Please repeat the records exactly. The pictures are to be left out.

───── Data in this exercise ─────

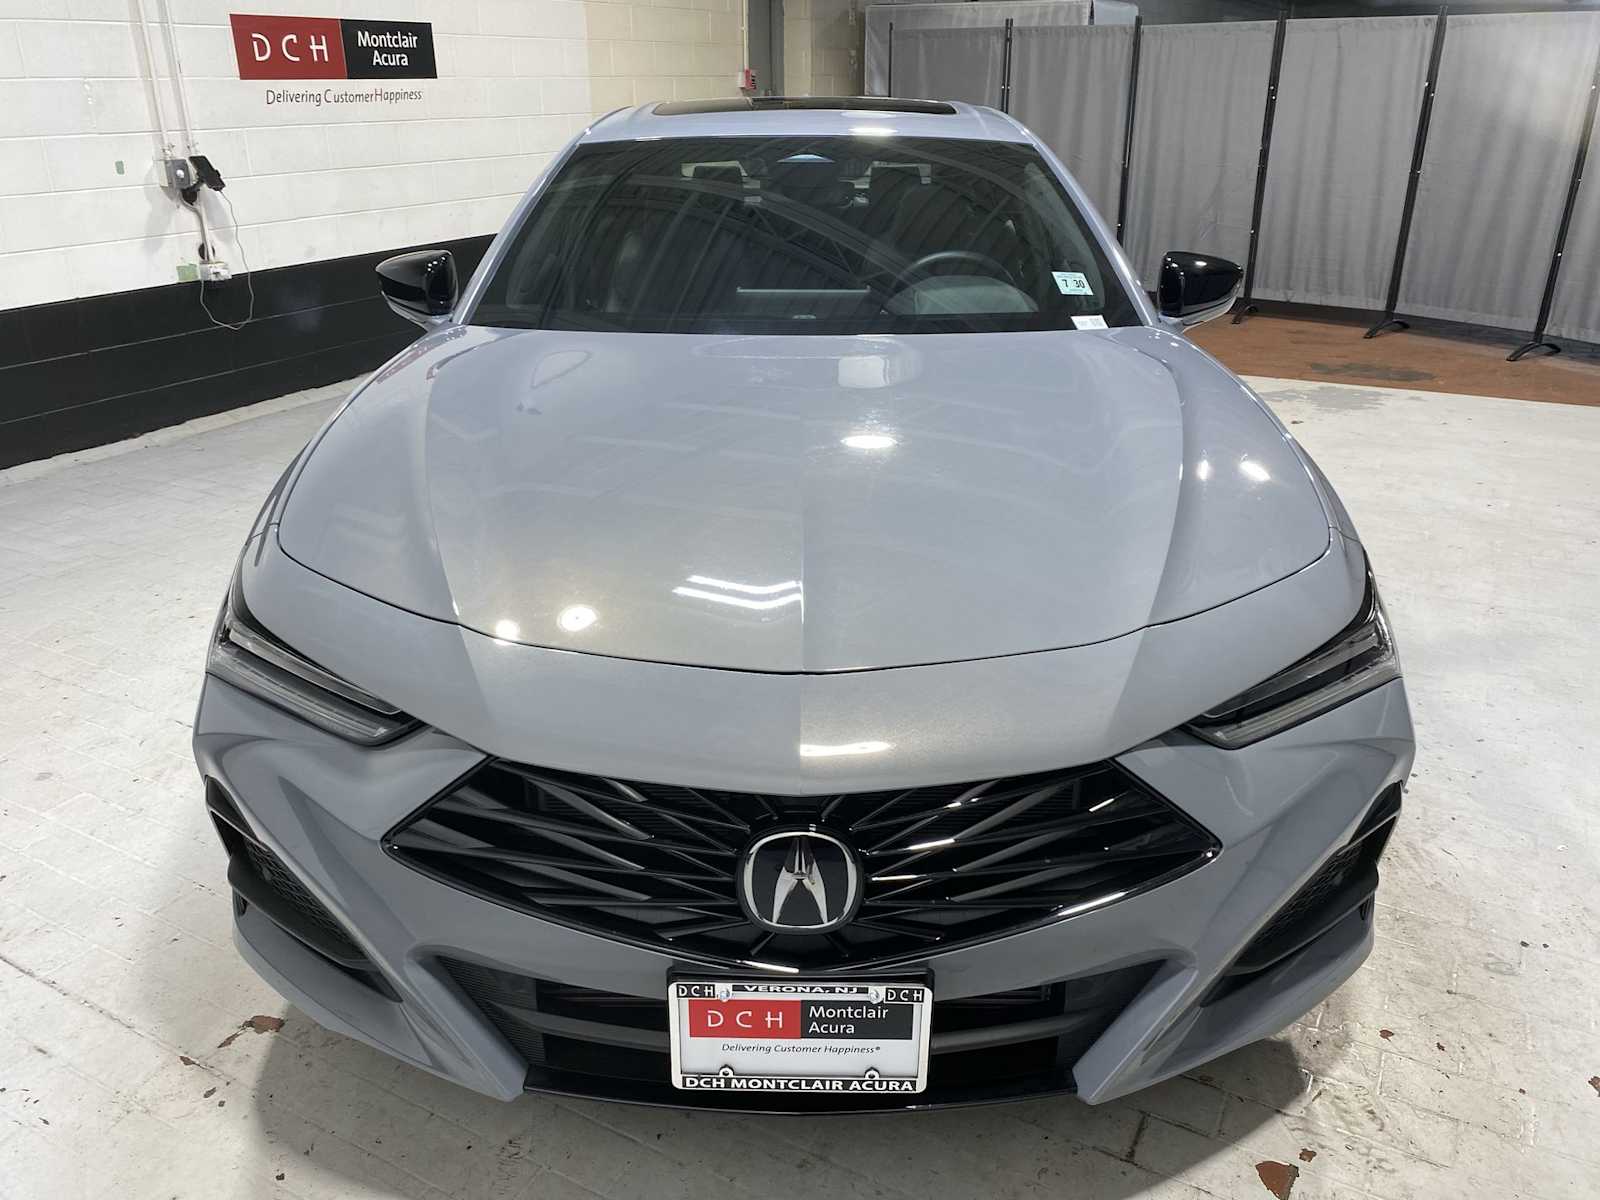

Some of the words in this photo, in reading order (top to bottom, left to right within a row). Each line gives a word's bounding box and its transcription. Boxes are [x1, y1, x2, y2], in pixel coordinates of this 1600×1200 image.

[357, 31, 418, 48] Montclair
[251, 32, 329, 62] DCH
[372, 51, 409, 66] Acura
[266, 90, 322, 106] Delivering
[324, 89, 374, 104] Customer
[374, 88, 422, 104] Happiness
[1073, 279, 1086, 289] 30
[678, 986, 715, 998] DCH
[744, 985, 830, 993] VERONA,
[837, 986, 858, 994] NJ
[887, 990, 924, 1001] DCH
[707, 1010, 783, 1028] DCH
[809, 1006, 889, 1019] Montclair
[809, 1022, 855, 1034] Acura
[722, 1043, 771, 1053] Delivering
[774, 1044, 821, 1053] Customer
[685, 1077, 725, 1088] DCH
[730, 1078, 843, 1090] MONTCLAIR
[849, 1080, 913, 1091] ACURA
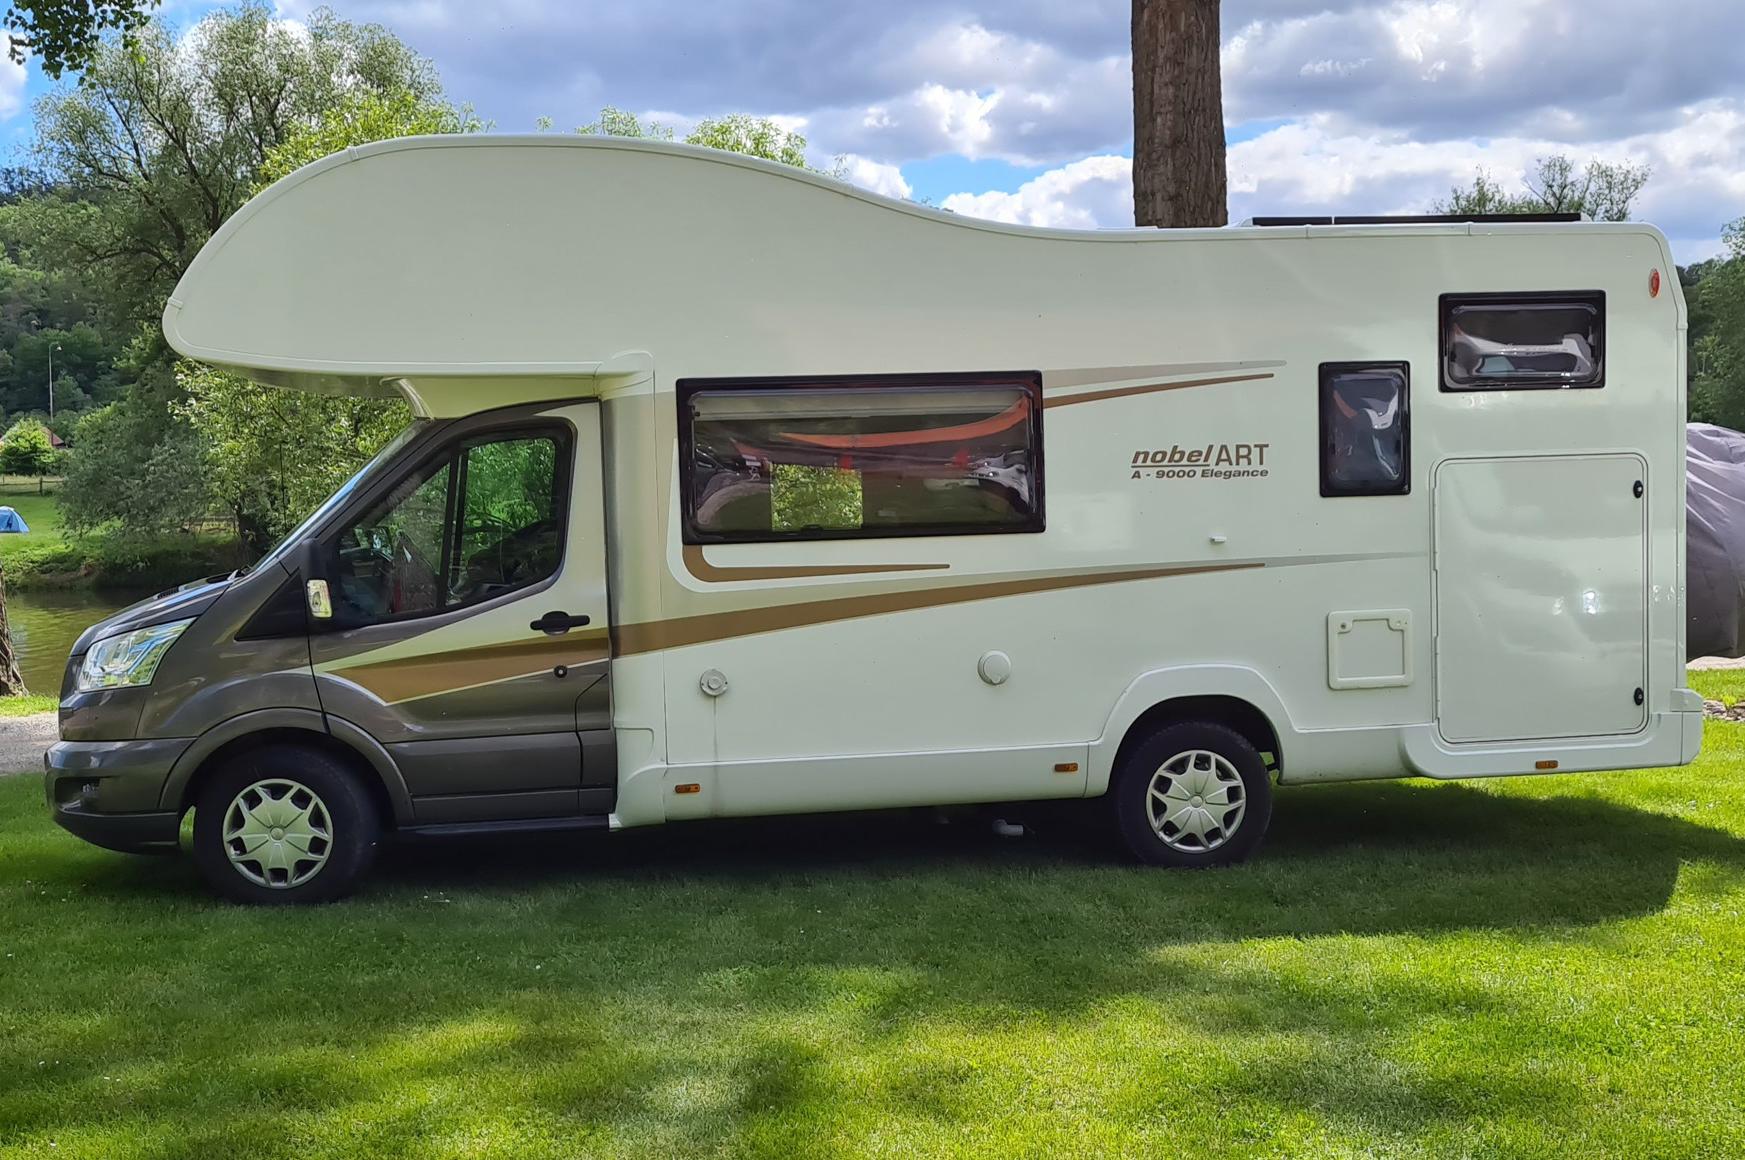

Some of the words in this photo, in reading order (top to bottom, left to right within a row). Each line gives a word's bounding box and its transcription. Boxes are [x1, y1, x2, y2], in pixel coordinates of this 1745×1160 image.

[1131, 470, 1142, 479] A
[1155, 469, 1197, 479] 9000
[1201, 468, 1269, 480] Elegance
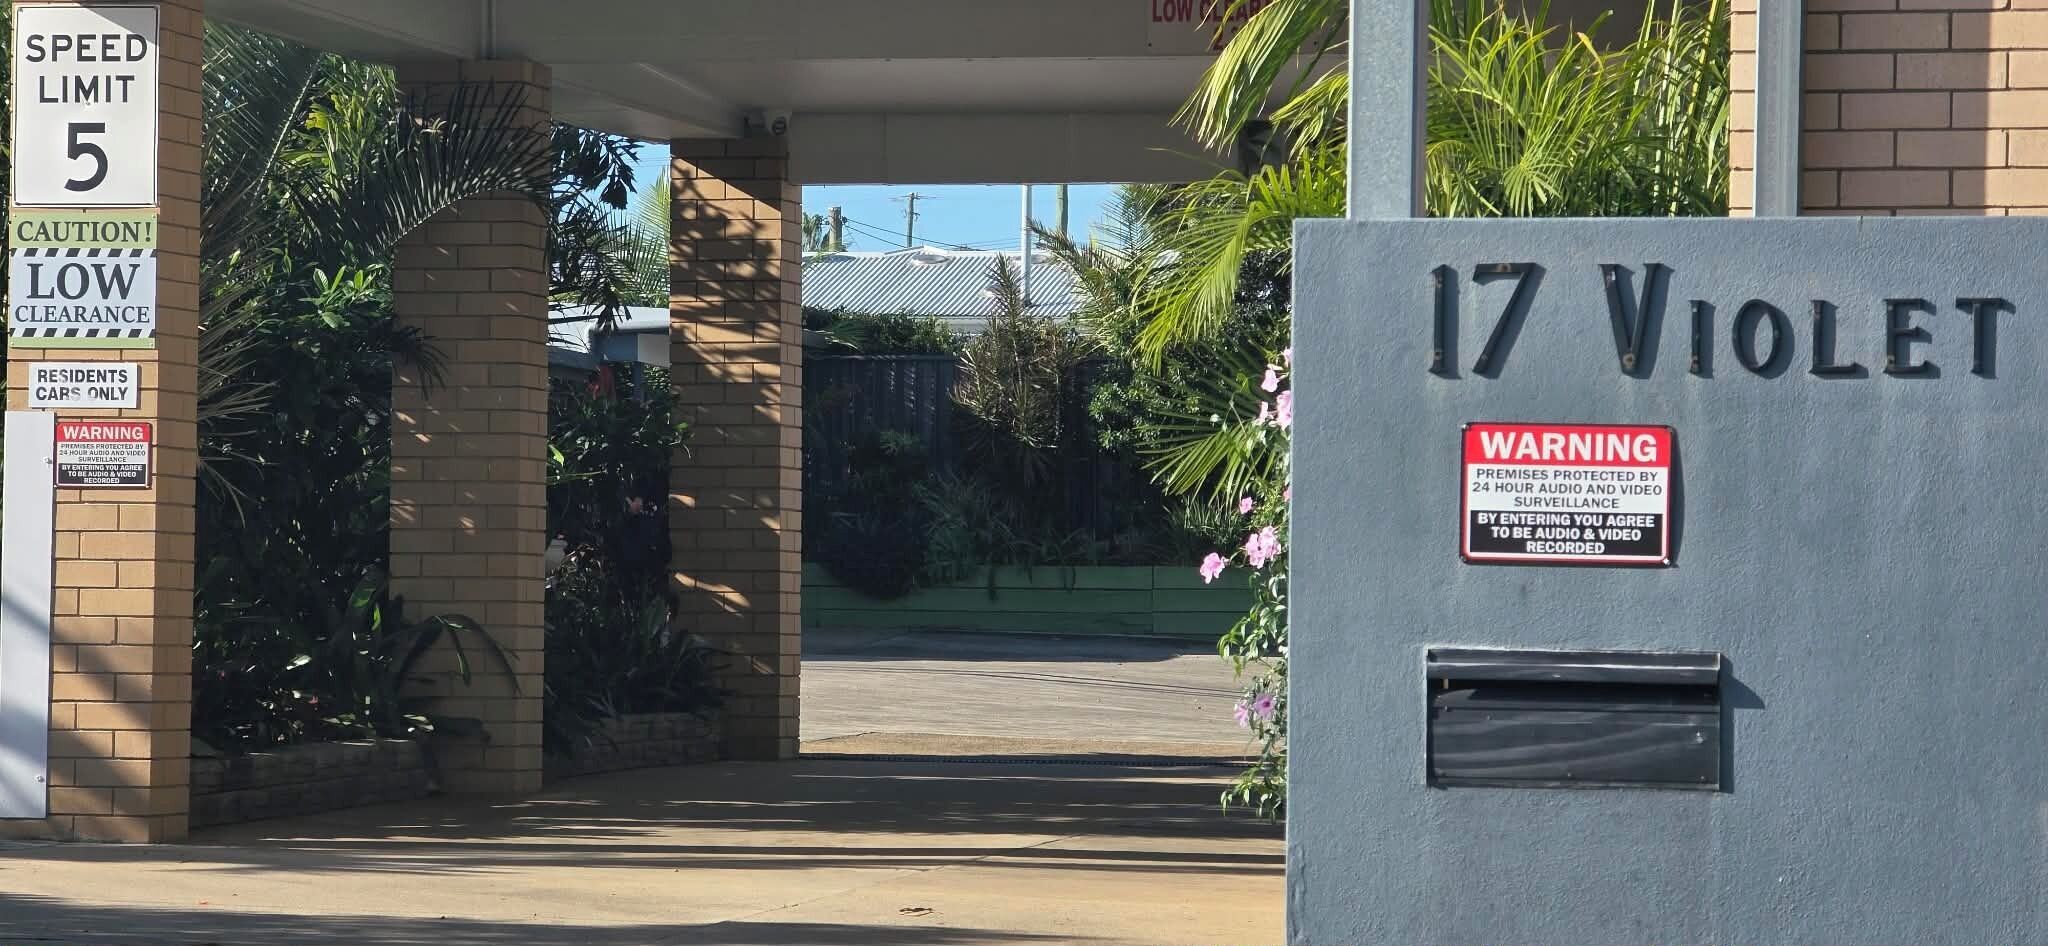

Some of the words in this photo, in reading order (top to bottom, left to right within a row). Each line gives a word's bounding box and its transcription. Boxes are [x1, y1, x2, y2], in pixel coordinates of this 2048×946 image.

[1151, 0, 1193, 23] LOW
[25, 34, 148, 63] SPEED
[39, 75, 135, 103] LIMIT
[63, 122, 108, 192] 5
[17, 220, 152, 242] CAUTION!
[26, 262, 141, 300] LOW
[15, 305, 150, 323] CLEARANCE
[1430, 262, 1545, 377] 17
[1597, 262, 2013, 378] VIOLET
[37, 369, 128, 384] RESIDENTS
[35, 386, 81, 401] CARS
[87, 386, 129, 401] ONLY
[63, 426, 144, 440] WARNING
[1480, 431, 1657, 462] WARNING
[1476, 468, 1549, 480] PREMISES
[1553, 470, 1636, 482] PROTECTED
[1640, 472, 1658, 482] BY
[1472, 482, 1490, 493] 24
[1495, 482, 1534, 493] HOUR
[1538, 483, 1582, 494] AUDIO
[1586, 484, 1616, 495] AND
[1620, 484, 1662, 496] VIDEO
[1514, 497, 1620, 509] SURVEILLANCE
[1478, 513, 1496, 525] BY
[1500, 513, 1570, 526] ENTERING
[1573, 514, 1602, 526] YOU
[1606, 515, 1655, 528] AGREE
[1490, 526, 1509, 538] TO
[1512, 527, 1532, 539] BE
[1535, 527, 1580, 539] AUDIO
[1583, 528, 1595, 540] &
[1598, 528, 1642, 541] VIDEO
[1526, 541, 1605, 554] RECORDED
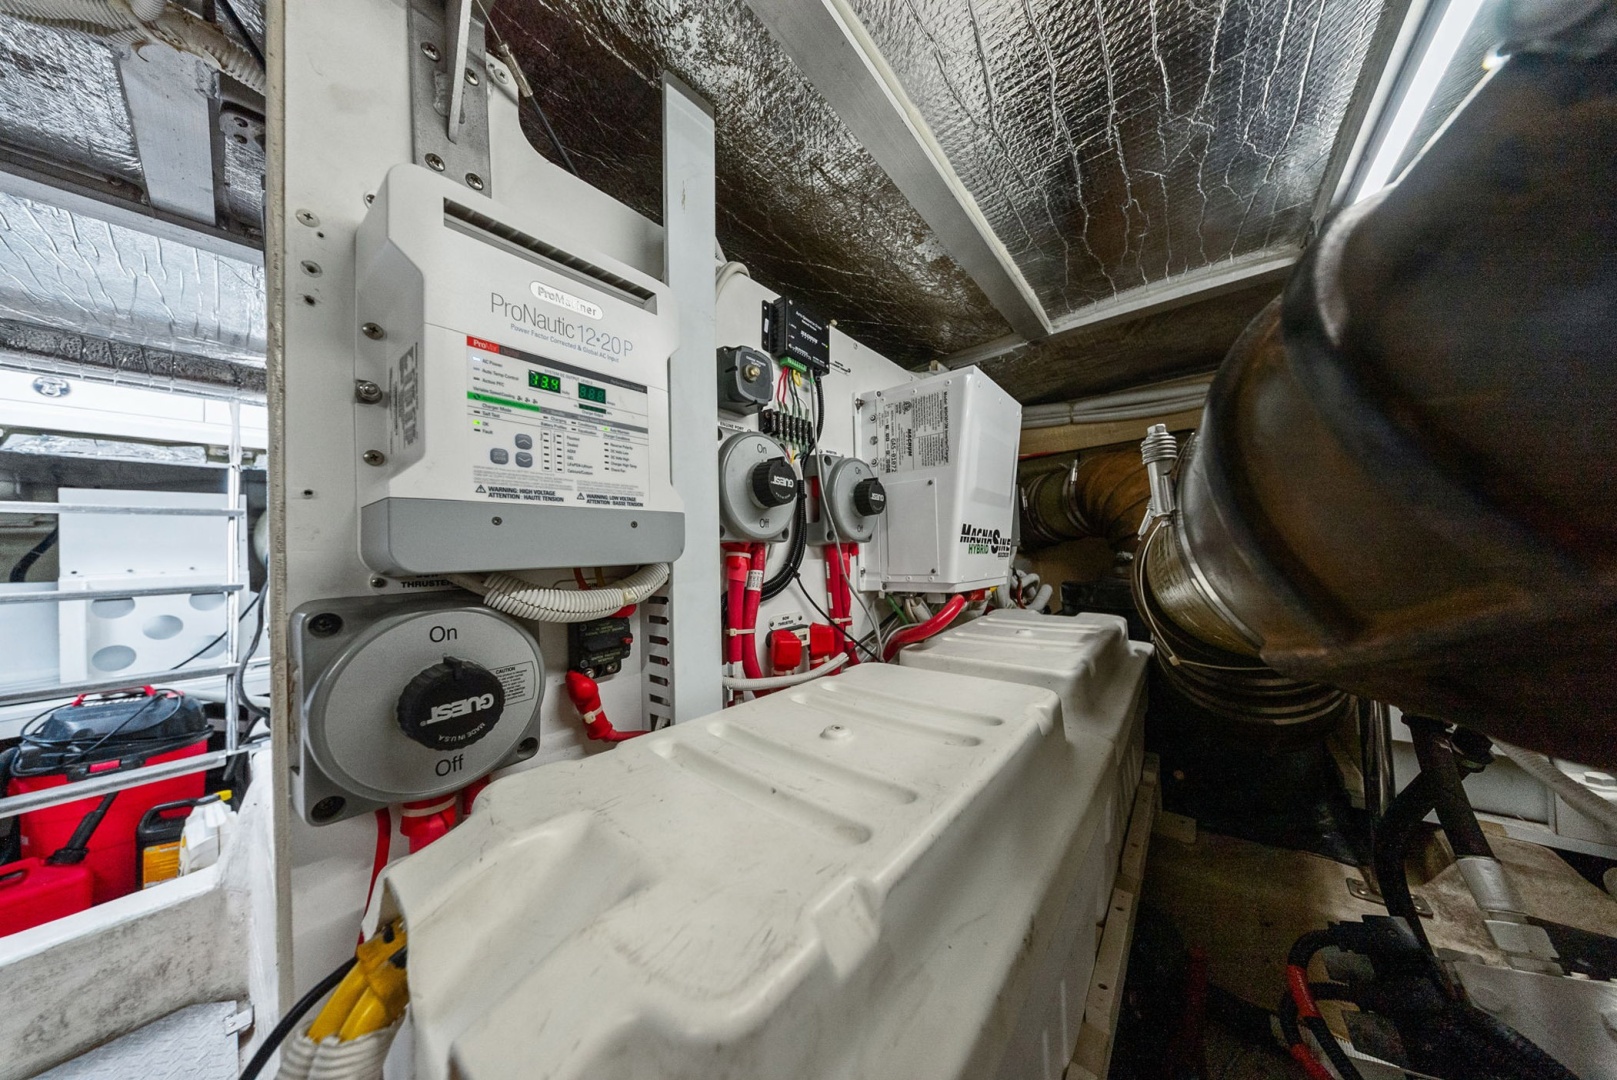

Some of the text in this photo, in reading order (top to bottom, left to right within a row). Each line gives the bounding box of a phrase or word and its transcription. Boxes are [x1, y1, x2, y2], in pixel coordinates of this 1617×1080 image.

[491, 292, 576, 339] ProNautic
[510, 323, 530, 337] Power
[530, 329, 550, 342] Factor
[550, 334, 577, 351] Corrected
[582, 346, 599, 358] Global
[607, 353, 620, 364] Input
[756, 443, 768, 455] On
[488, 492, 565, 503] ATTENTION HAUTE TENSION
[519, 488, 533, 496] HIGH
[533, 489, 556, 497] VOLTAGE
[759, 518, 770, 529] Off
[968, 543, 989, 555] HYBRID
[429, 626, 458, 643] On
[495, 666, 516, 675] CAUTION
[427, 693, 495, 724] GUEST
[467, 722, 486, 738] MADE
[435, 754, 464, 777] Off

─────

▶ _Exercise output_
Some of the words in this photo, in reading order (top to bottom, left to right within a row). Each line gives a word's bounding box and its transcription. Boxes are [x1, y1, x2, y2], in pixel coordinates of this 1600×1200 image.

[357, 31, 418, 48] Montclair
[251, 32, 329, 62] DCH
[372, 51, 409, 66] Acura
[266, 90, 322, 106] Delivering
[324, 89, 374, 104] Customer
[374, 88, 422, 104] Happiness
[1073, 279, 1086, 289] 30
[678, 986, 715, 998] DCH
[744, 985, 830, 993] VERONA,
[837, 986, 858, 994] NJ
[887, 990, 924, 1001] DCH
[707, 1010, 783, 1028] DCH
[809, 1006, 889, 1019] Montclair
[809, 1022, 855, 1034] Acura
[722, 1043, 771, 1053] Delivering
[774, 1044, 821, 1053] Customer
[685, 1077, 725, 1088] DCH
[730, 1078, 843, 1090] MONTCLAIR
[849, 1080, 913, 1091] ACURA

Some of the words in this photo, in reading order (top to bottom, left to right within a row). Each line gives a word's bounding box and its transcription. Boxes are [x1, y1, x2, y2], in pixel coordinates of this 1745×1160 image.

[1131, 470, 1142, 479] A
[1155, 469, 1197, 479] 9000
[1201, 468, 1269, 480] Elegance

Some of the words in this photo, in reading order (top to bottom, left to right within a row). Each line gives a word's bounding box and its transcription. Boxes are [x1, y1, x2, y2], in pixel coordinates of this 2048×946 image.

[1151, 0, 1193, 23] LOW
[25, 34, 148, 63] SPEED
[39, 75, 135, 103] LIMIT
[63, 122, 108, 192] 5
[17, 220, 152, 242] CAUTION!
[26, 262, 141, 300] LOW
[15, 305, 150, 323] CLEARANCE
[1430, 262, 1545, 377] 17
[1597, 262, 2013, 378] VIOLET
[37, 369, 128, 384] RESIDENTS
[35, 386, 81, 401] CARS
[87, 386, 129, 401] ONLY
[63, 426, 144, 440] WARNING
[1480, 431, 1657, 462] WARNING
[1476, 468, 1549, 480] PREMISES
[1553, 470, 1636, 482] PROTECTED
[1640, 472, 1658, 482] BY
[1472, 482, 1490, 493] 24
[1495, 482, 1534, 493] HOUR
[1538, 483, 1582, 494] AUDIO
[1586, 484, 1616, 495] AND
[1620, 484, 1662, 496] VIDEO
[1514, 497, 1620, 509] SURVEILLANCE
[1478, 513, 1496, 525] BY
[1500, 513, 1570, 526] ENTERING
[1573, 514, 1602, 526] YOU
[1606, 515, 1655, 528] AGREE
[1490, 526, 1509, 538] TO
[1512, 527, 1532, 539] BE
[1535, 527, 1580, 539] AUDIO
[1583, 528, 1595, 540] &
[1598, 528, 1642, 541] VIDEO
[1526, 541, 1605, 554] RECORDED

Some of the text in this photo, in reading order (top to bottom, left to right within a row). Each line gives the bounding box of a phrase or word and its transcription. Boxes are [x1, y1, x2, y2], in pixel coordinates of this 1617×1080 image.

[491, 292, 576, 339] ProNautic
[510, 323, 530, 337] Power
[530, 329, 550, 342] Factor
[550, 334, 577, 351] Corrected
[582, 346, 599, 358] Global
[607, 353, 620, 364] Input
[756, 443, 768, 455] On
[488, 492, 565, 503] ATTENTION HAUTE TENSION
[519, 488, 533, 496] HIGH
[533, 489, 556, 497] VOLTAGE
[759, 518, 770, 529] Off
[968, 543, 989, 555] HYBRID
[429, 626, 458, 643] On
[495, 666, 516, 675] CAUTION
[427, 693, 495, 724] GUEST
[467, 722, 486, 738] MADE
[435, 754, 464, 777] Off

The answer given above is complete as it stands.